→ **Problem statement**
Set down every entry exactly as given. Pictures are to be left out.

→ **Provided material**
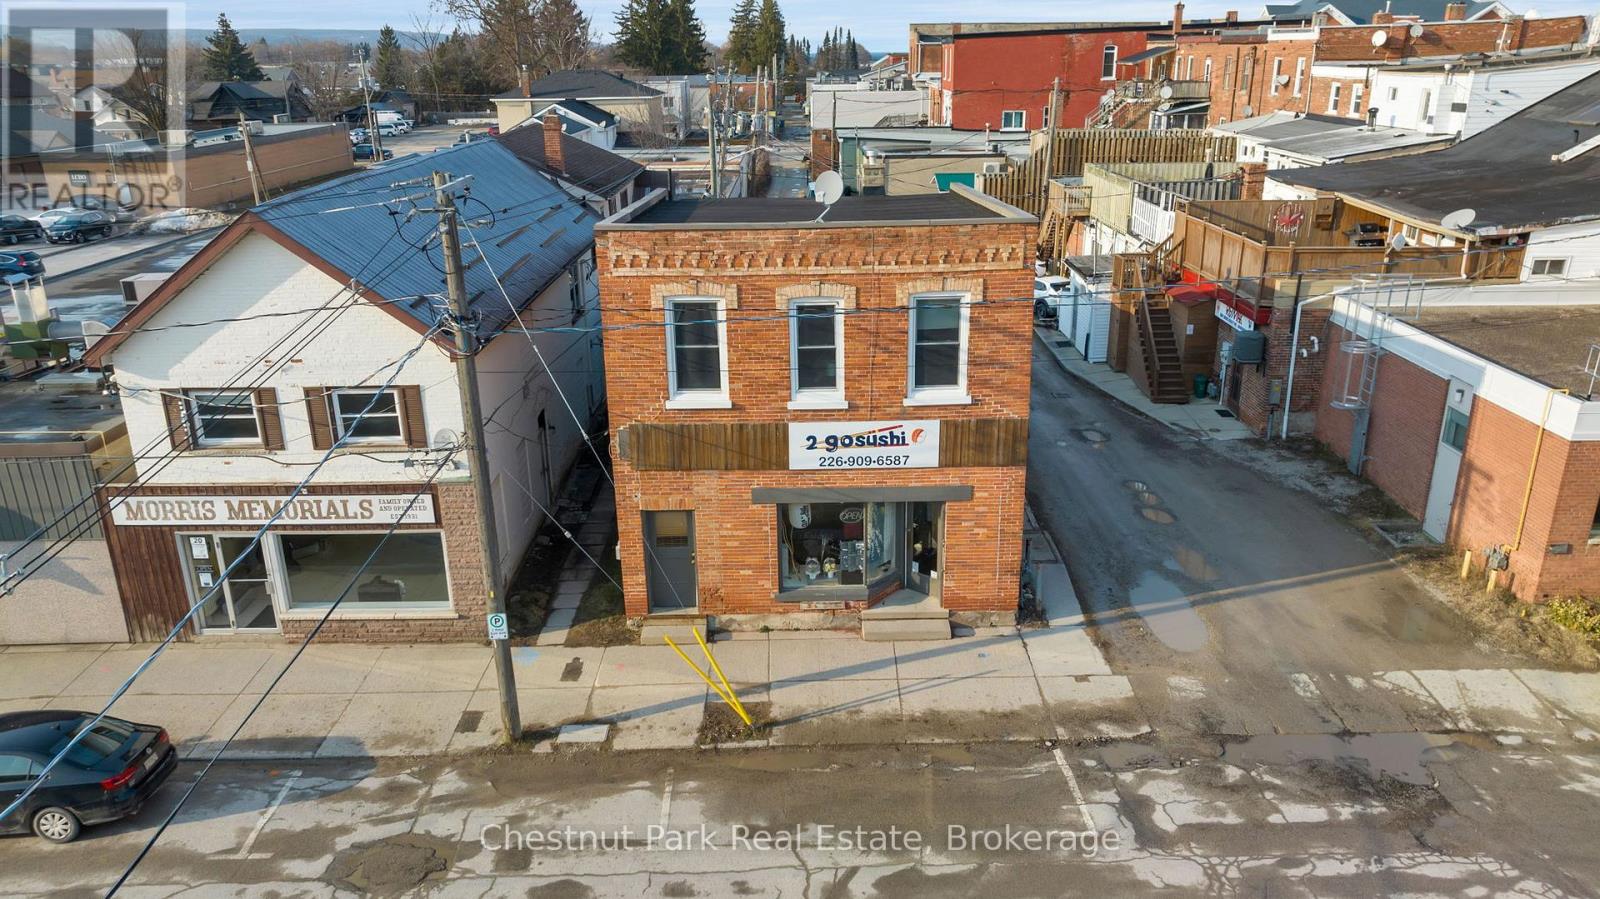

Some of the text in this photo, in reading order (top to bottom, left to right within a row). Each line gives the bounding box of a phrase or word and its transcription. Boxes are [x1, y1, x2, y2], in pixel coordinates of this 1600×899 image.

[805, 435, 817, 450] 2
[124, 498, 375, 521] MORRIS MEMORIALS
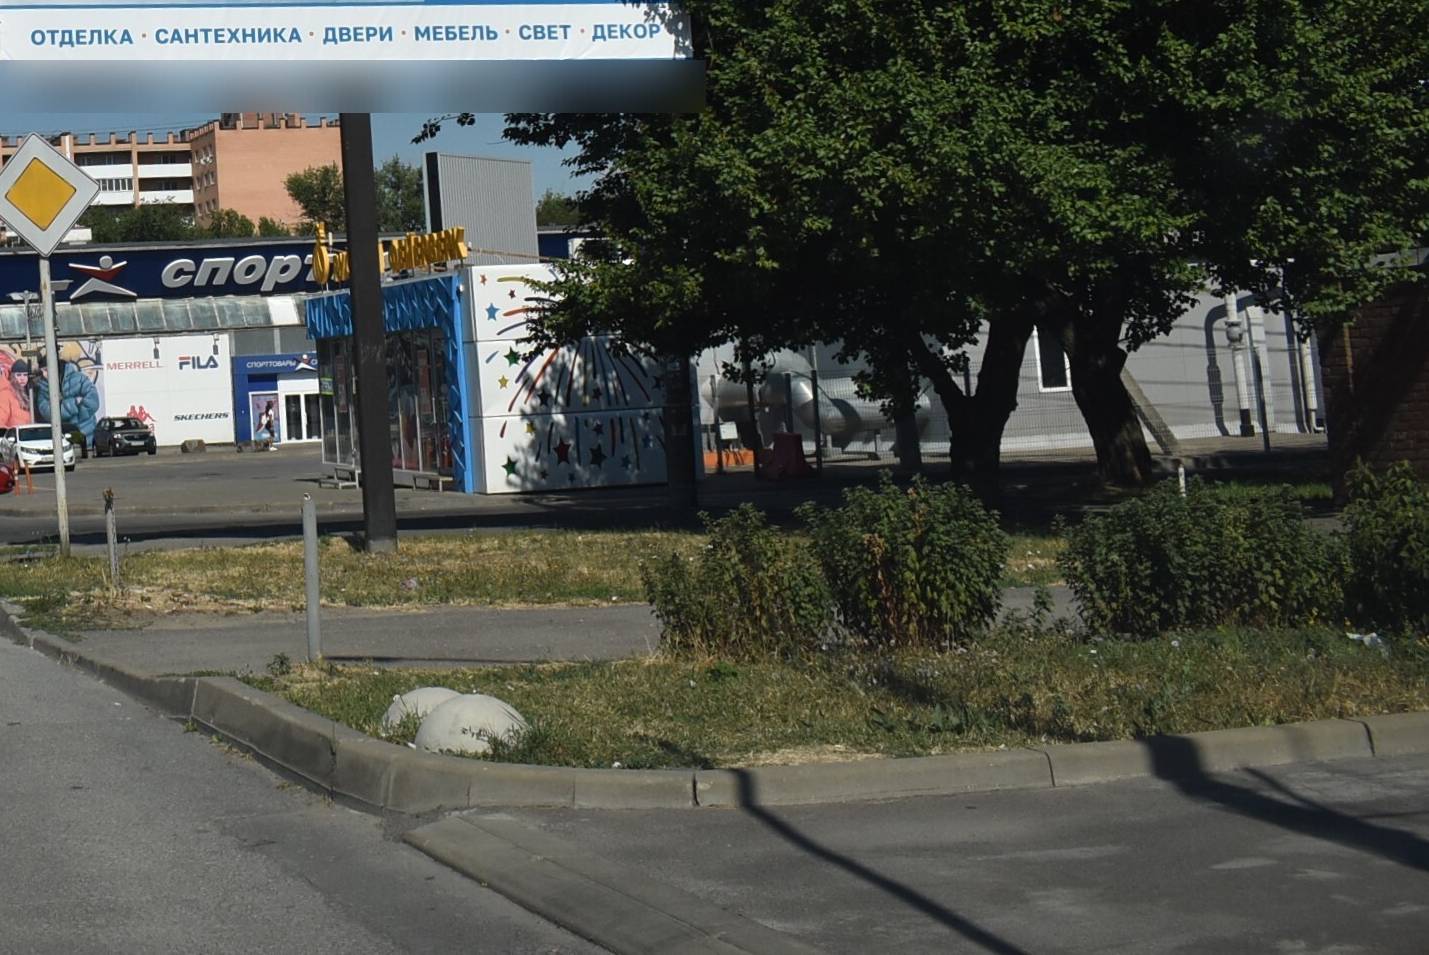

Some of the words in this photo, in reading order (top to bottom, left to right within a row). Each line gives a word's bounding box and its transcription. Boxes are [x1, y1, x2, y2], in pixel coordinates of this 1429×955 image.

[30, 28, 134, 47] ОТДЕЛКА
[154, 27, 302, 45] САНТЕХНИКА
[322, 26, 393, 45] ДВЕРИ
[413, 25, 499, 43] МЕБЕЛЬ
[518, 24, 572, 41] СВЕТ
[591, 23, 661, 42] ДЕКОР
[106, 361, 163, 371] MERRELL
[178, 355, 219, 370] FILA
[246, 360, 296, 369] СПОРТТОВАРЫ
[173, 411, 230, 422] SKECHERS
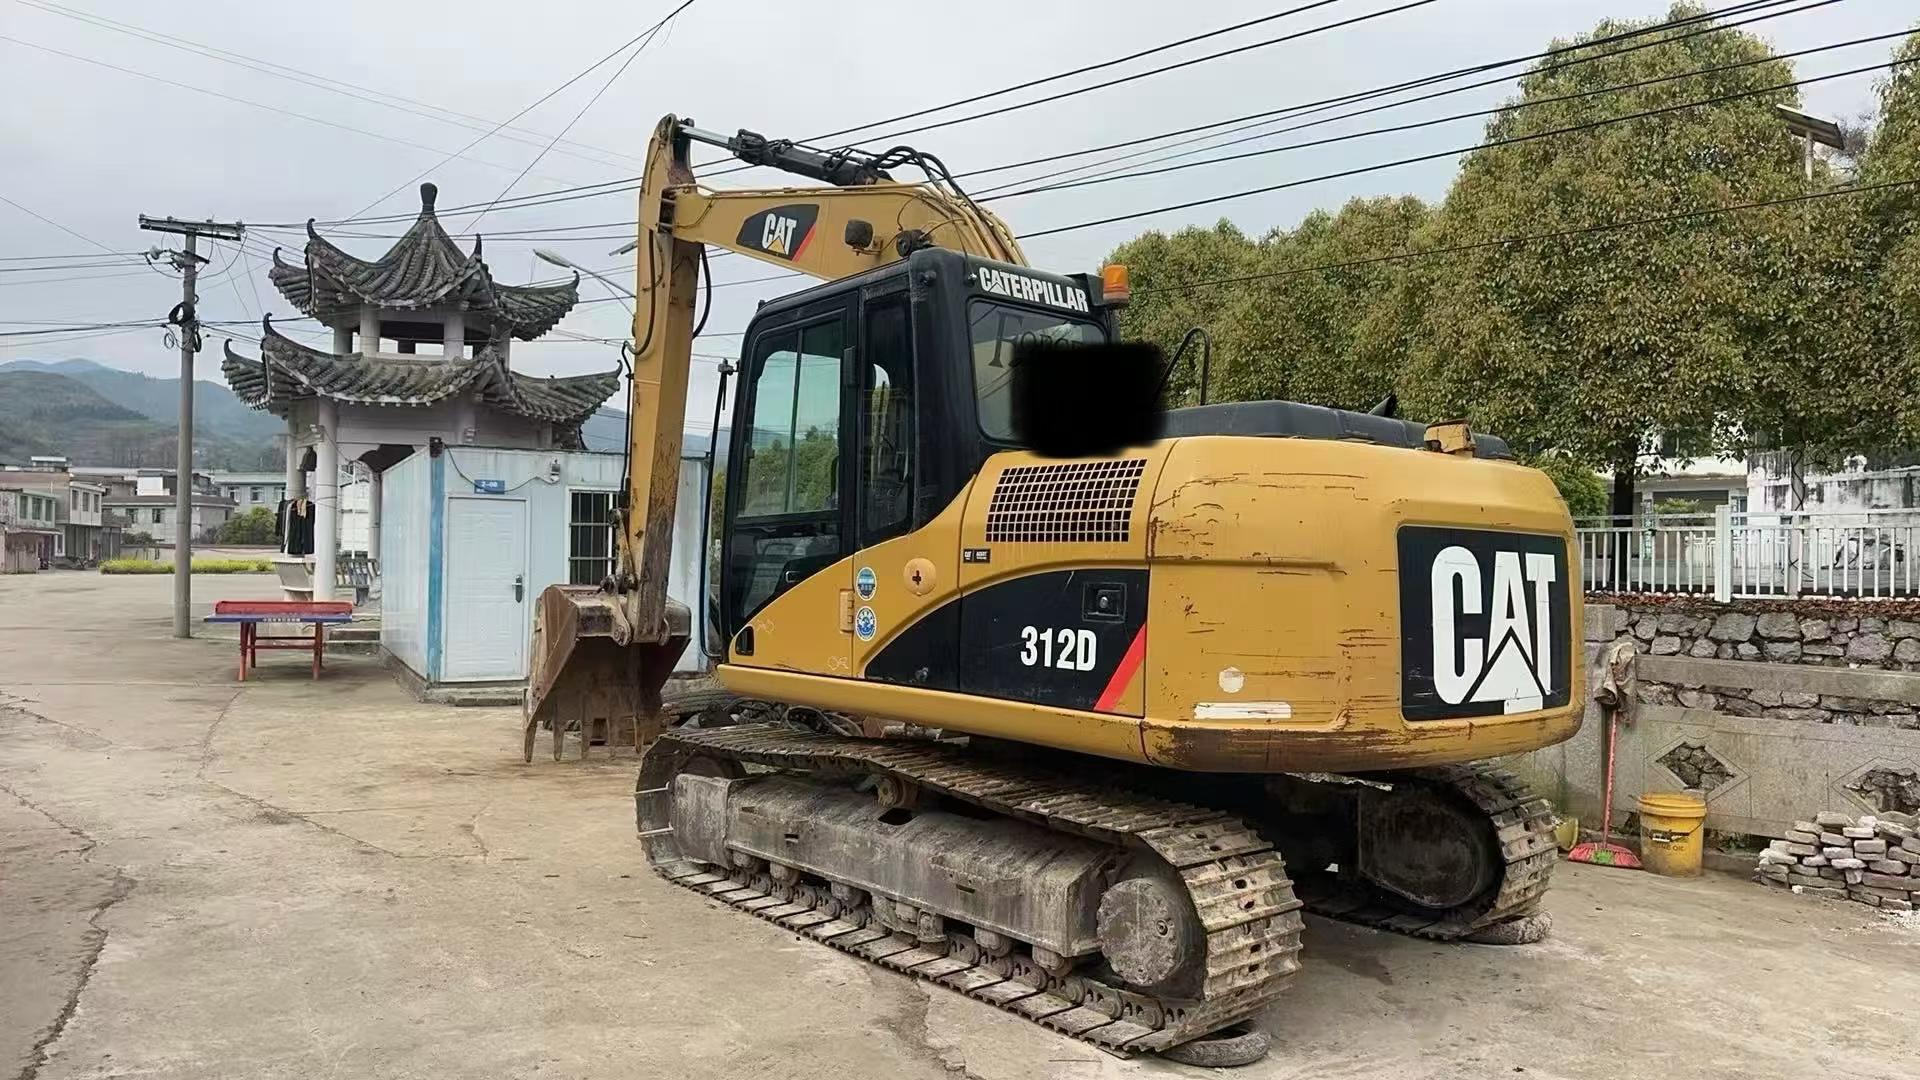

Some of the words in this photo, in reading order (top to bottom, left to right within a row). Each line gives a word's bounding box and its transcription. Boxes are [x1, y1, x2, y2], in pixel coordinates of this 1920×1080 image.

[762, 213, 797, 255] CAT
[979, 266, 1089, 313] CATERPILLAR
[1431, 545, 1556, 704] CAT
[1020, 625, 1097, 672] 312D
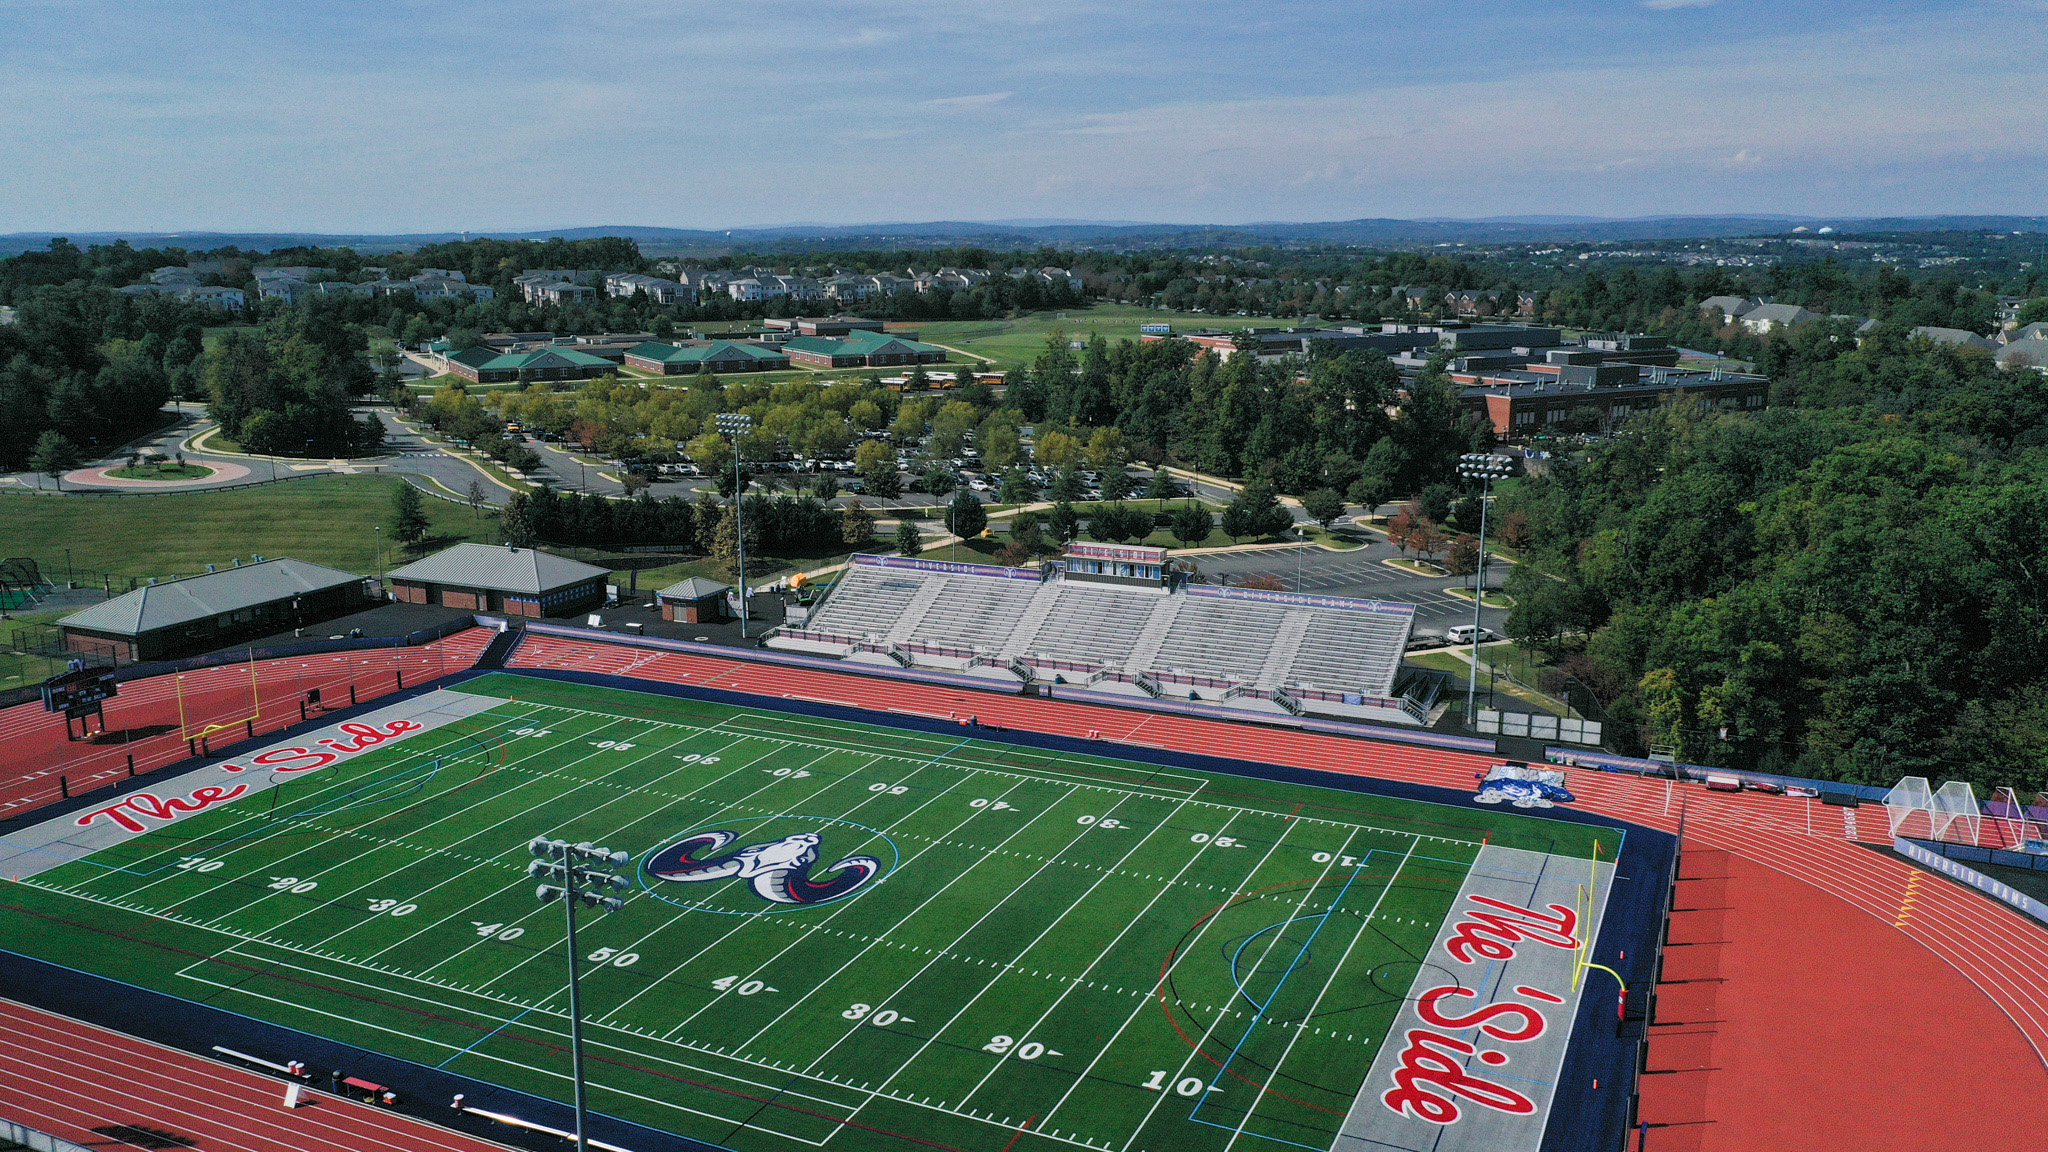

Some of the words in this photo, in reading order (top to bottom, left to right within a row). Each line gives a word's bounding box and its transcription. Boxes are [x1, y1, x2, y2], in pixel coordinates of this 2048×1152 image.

→ **Expected answer**
Some of the text in this photo, in reading order (top to bottom, left to right within a row). Each line gives the bounding box of a phrase or word and its transcription. Boxes are [x1, y1, x2, y2], in pixel coordinates of this 1600×899 image.

[805, 435, 817, 450] 2
[124, 498, 375, 521] MORRIS MEMORIALS

Some of the words in this photo, in reading order (top to bottom, left to right within a row). Each line gives a word's bounding box and its transcription. Boxes are [x1, y1, x2, y2], in pixel coordinates of this 1429×955 image.

[30, 28, 134, 47] ОТДЕЛКА
[154, 27, 302, 45] САНТЕХНИКА
[322, 26, 393, 45] ДВЕРИ
[413, 25, 499, 43] МЕБЕЛЬ
[518, 24, 572, 41] СВЕТ
[591, 23, 661, 42] ДЕКОР
[106, 361, 163, 371] MERRELL
[178, 355, 219, 370] FILA
[246, 360, 296, 369] СПОРТТОВАРЫ
[173, 411, 230, 422] SKECHERS

Some of the words in this photo, in reading order (top to bottom, left to right within a row). Each line gives a word's bounding box and its transcription. Boxes are [x1, y1, x2, y2], in pixel coordinates of this 1920×1080 image.

[762, 213, 797, 255] CAT
[979, 266, 1089, 313] CATERPILLAR
[1431, 545, 1556, 704] CAT
[1020, 625, 1097, 672] 312D

Some of the words in this photo, in reading order (top to bottom, left to right within a row). Each line gives a word's bounding box and its transcription. Boxes are [x1, y1, x2, y2], in pixel coordinates of this 2048×1152 image.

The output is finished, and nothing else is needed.